This world tells me conflicting things about the chronic pain I deal with. On the one hand, I’m told my pain doesn’t exist, is all in my mind, and that if I use narcotic or opiate medicine to treat pain, I’m a drug addict. On the other hand, movies and books like “Me Before You” say that chronic pain is so bad, I should just kill myself.
There is no cultural archetype or trope of the functional pain patient, medicating both adequately and responsibly. We do not have a model of a loving mother who sometimes smokes pot for her joint pain, though I know a half dozen real people this perfectly describes.
Every day there’s a news article mongering fear of an “opioid epidemic” which lumps legal prescription patients in with street heroin users to justify increased barriers to narcotic pill access (driving up heroin’s stock in the process.) Chronic pain is not even mentioned in a lot of these stories, but addiction always is.
There are even some hospitals now that brag they are opiate free and no longer prescribe effective pain relief. Like many with chronic pain, I do not keep a standing narcotic prescription. I rely on edible and smokable marijuana, topical analgesics, and over the counter pain medicine to control all but my very worst pain. When I can’t treat it at home with those methods, I go to the emergency room. Where now they won’t have what I need.
Hollywood loves to kill off disabled characters, and often portrays this as mercy rather than murder. Sometimes the disabled character (written and played by non-disabled people of course) will beg an abled character to commit fatal violence, which is called “putting them out of their misery.”
Why is my misery sufficient cause to approve of “physician assisted suicide” but not sufficient justification to prescribe me narcotics? How can my pain simultaneously be imaginary and a good reason to kill myself? What twisted logic is this, that criminalizes treating my pain yet legalizes killing me for it?

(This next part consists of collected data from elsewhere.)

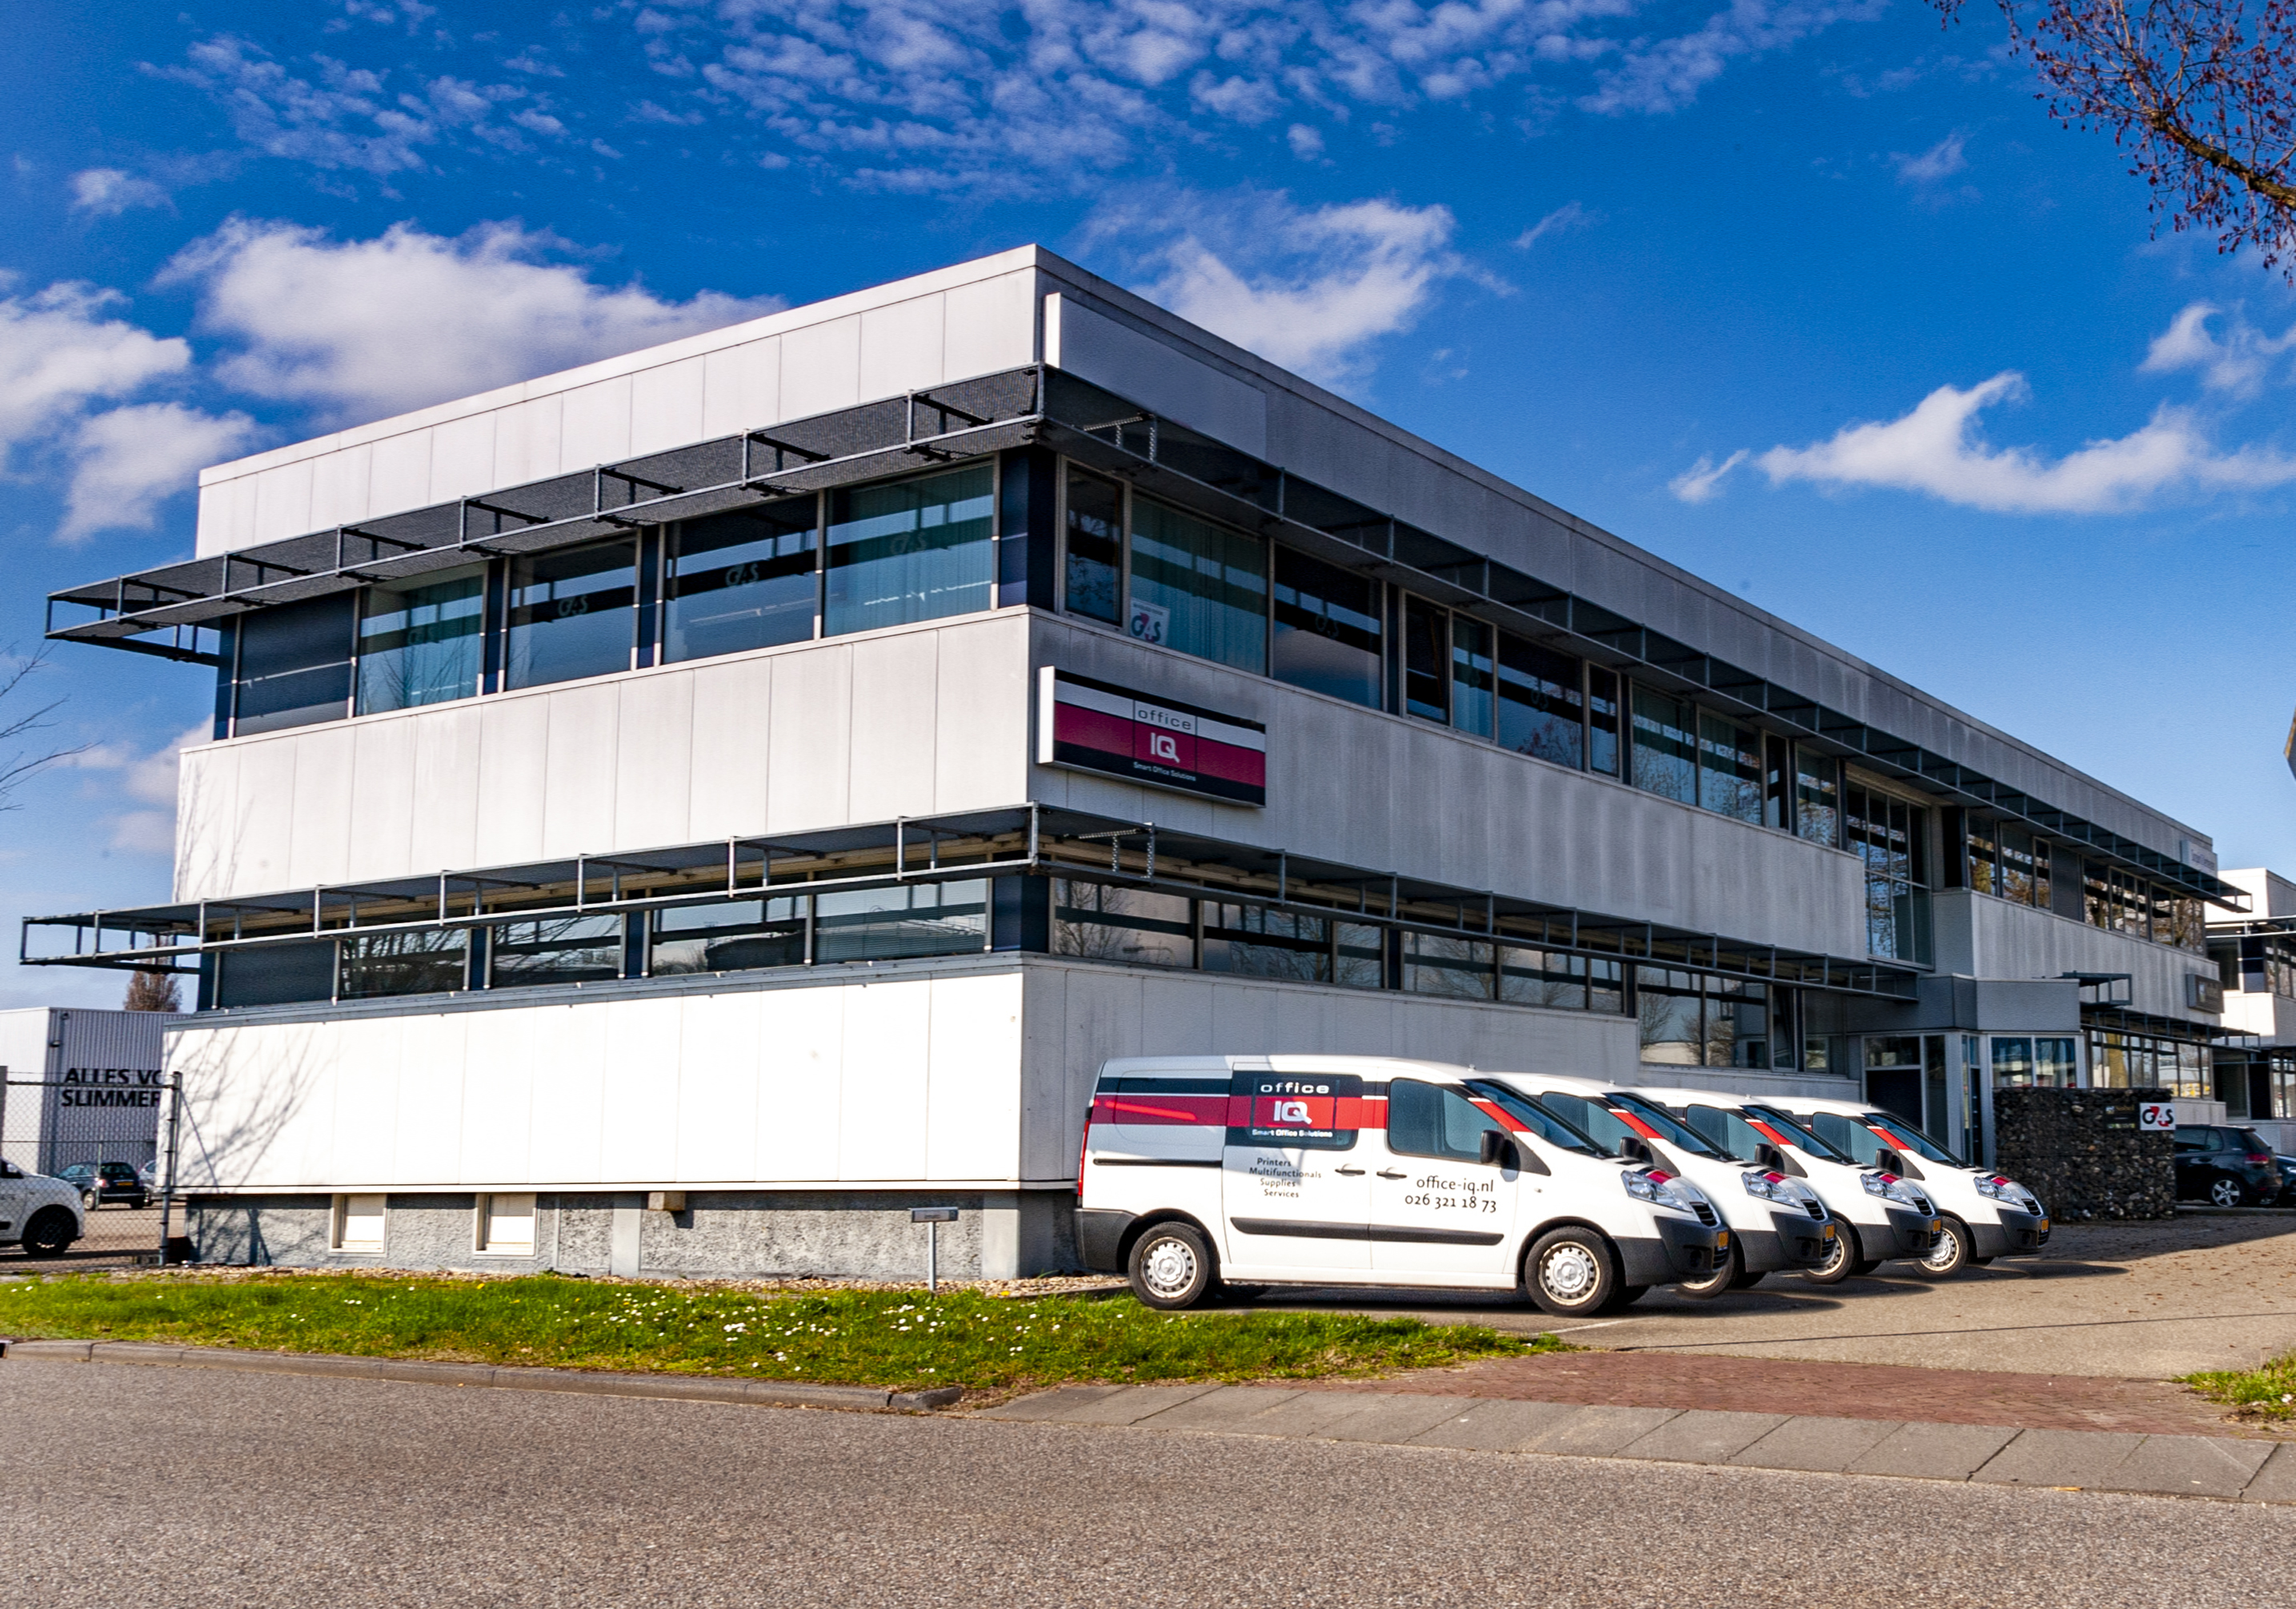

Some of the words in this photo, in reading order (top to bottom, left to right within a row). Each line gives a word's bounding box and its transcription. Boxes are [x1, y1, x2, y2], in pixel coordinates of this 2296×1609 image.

[1132, 612, 1161, 643] G4S
[1138, 710, 1192, 730] office
[1151, 732, 1180, 763] IQ
[1134, 762, 1152, 771] Smart
[1152, 766, 1169, 776] Office
[1170, 770, 1196, 782] Solutions
[64, 1067, 130, 1085] ALLES
[1260, 1082, 1329, 1094] office
[1274, 1101, 1312, 1125] IQ
[2142, 1106, 2174, 1127] G4S
[1276, 1129, 1297, 1137] Office
[1299, 1130, 1333, 1138] Solutions
[1256, 1157, 1291, 1167] Printers
[1248, 1167, 1321, 1179] Multifunctionals
[1260, 1178, 1296, 1188] Supplies
[1264, 1188, 1300, 1198] Services
[1416, 1175, 1494, 1195] office-iq.nl
[1404, 1193, 1430, 1206] 026
[1435, 1197, 1457, 1210] 321
[1462, 1195, 1477, 1209] 18
[1481, 1200, 1497, 1213] 73

Abled people underestimate the strength and resilience of disabled people, in ways that endanger us. While a period of depression is common after the unset of a chronic illness or after a debilitating injury, within three years a majority of disabled people have some degree of acceptance. They want to learn to live with their condition, not to die.

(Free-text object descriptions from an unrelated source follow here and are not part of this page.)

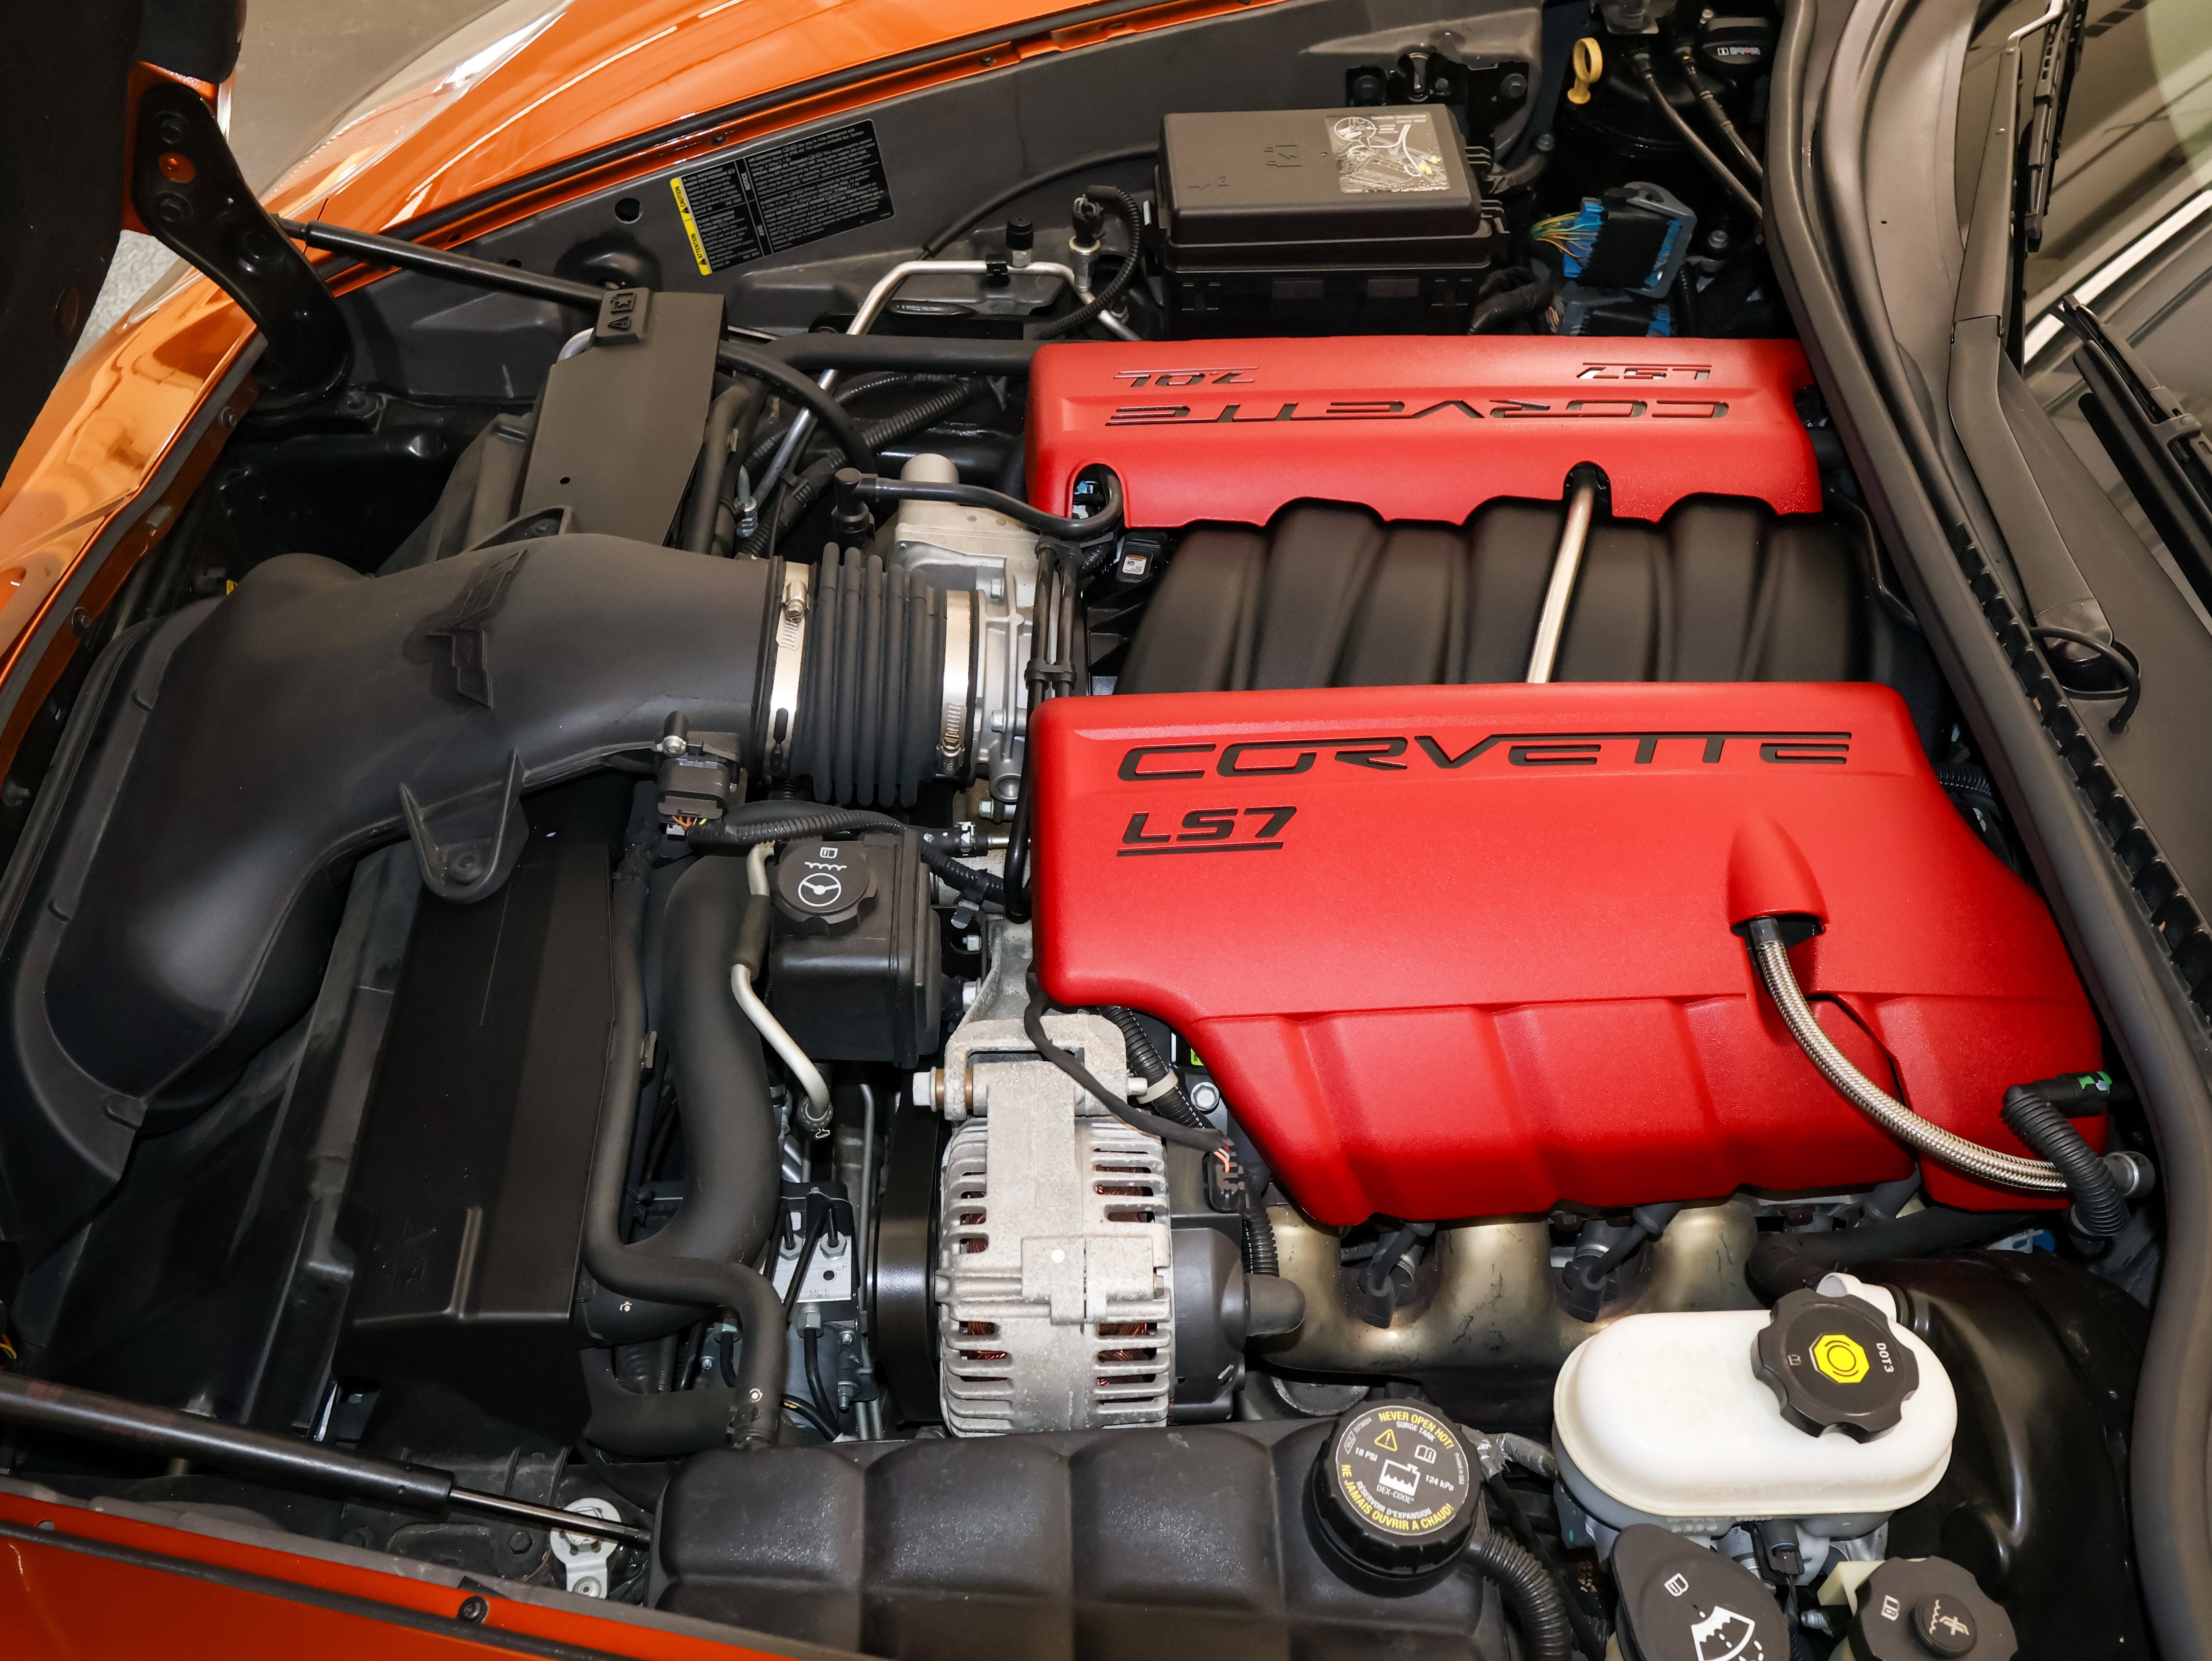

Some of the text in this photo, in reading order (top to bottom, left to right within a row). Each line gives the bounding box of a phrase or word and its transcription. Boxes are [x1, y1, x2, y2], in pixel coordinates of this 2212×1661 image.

[675, 186, 686, 207] CAUTION
[690, 233, 703, 258] ATTENTION
[1576, 367, 1711, 380] LS7
[1105, 399, 1730, 426] CORVETTE
[1118, 731, 1852, 782] CORVETTE
[1122, 805, 1297, 845] LS7
[1378, 1411, 1455, 1449] NEVER OPEN HOT!
[1396, 1421, 1436, 1442] SURGE TANK
[1355, 1446, 1378, 1462] 18 PSI
[1341, 1464, 1352, 1478] NE
[1425, 1474, 1455, 1492] 124 kPa
[1344, 1478, 1372, 1515] JAMAIS
[1372, 1510, 1409, 1531] OUVRIR
[1386, 1507, 1432, 1520] D'EXPANSION
[1420, 1502, 1455, 1529] CHAUD!

Let us live and live well. Fully fund public health programs, disability services, and social security. Resist the moral panic over opiates and fight against measures to rob us of effective pain relief. Support evidence based (is, not twelve steps) addiction treatment, and medical research for less addictive pain relief. Boycott films like “Me Before You”. We usually don’t want to die, but this world isn’t designed for us to live in.